CONGRESS AND THE REPUBLICAN OPPOSITION
Speech in Congress on Presidential Titles
May 11, 1789
MR. MADISON. I may be well disposed to concur in opinion with gentlemen that we ought not to recede from our former vote on this subject, yet at the same time I may wish to proceed with due respect to the Senate, and give dignity and weight to our own opinion so far as it contradicts theirs by the deliberate and decent manner in which we decide. For my part, Mr. Speaker, I do not conceive titles to be so pregnant with danger as some gentlemen apprehend. I believe a President of the United States cloathed with all the powers given in the constitution would not be a dangerous person to the liberties of America, if you were to load him with all the titles of Europe or Asia. We have seen superb and august titles given without conferring power and influence or without even obtaining respect; one of the most impotent sovereigns in Europe has assumed a tide as high as human invention can devise; for example, what words can imply a greater magnitude of power and strength than that of high mightiness; this title seems to border almost upon impiety; it is assuming the pre-eminence and omnipotency of the deity; yet this title and many others cast in the same mould have obtained a long time in Europe, but have they conferred power? Does experience sanctify such opinion? Look at the republic I have alluded to and say if their present state warrants the idea.

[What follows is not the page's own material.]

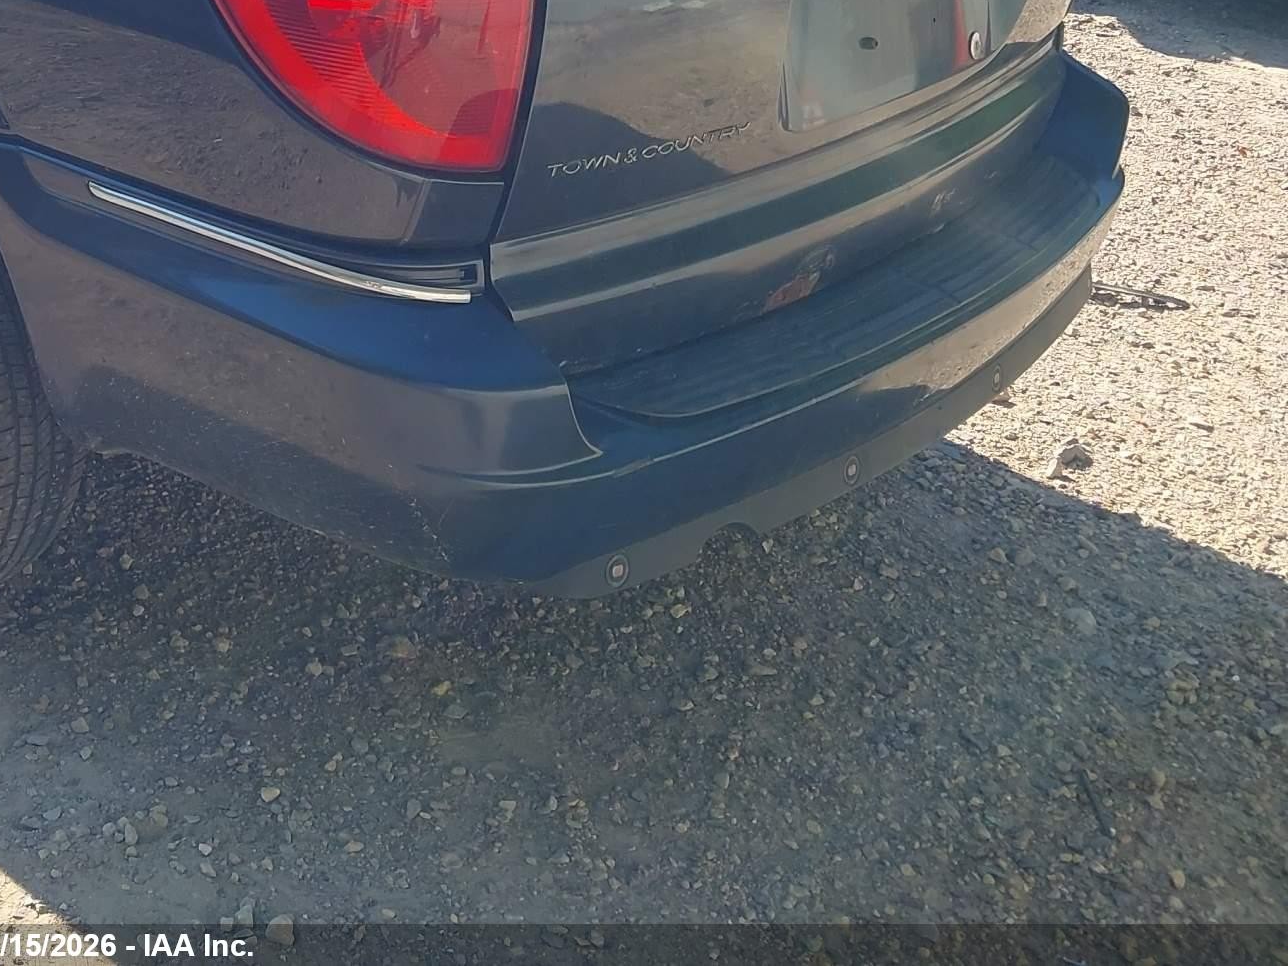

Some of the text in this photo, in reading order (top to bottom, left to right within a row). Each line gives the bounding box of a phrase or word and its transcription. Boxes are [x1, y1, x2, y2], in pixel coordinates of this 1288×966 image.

I am not afraid of titles because I fear the danger of any power they could confer, but I am against them because they are not very reconcilable with the nature of our government, or the genius of the people; even if they were proper in themselves, they are not so at this juncture of time. But my strongest objection is founded in principle; instead of encreas-ing they diminish the true dignity and importance of a republic, and would in particular, on this occasion, diminish the true dignity of the first magistrate himself. If we give tides, we must either borrow or invent them if we have recourse to the fertile fields of luxuriant fancy, and deck out an airy being of our own creation, it is a great chance but its fantastic properties renders the empty fantom ridiculous and absurd. If we borrow, the servile imitation will be odious, not to say ridiculous also we must copy from the pompous sovereigns of the east, or follow the inferior potentates of Europe; in either case, the splendid tinsel or gorgeous robe would disgrace the manly shoulders of our Chief. The more truly honorable shall we be, by shewing a total neglect and disregard to things of this nature; the more simple, the more republican we are in our manners, the more rational dignity we acquire; therefore I am better pleased with the report adopted by the house, than I should have been with any other whatsoever.
The Senate, no doubt, entertain different sentiments on this subject. I would wish therefore to treat their opinion with respect and attention. I would desire to justify the reasonable and republican decision of this house to the other branch of Congress, in order to prevent a misunderstanding. But that the motion of my worthy colleague, (Mr. Parker) has possession of the house, I would move a more temperate proposition, and I think it deserves some pains to bring about that good will and urbanity, which for the dispatch of public business, ought to be kept up between the two houses. I do not think it would be a sacrifice of dignity to appoint a committee of conference, but imagine it would tend to cement that harmony which has hitherto been preserved between the Senate and this House therefore, while I concur with the gentlemen who express in such decided terms, their disapprobation of bestowing titles, I concur also, with those who are for the appointment of a committee of conference, not apprehending they will depart from the principles adopted and acted upon by the House.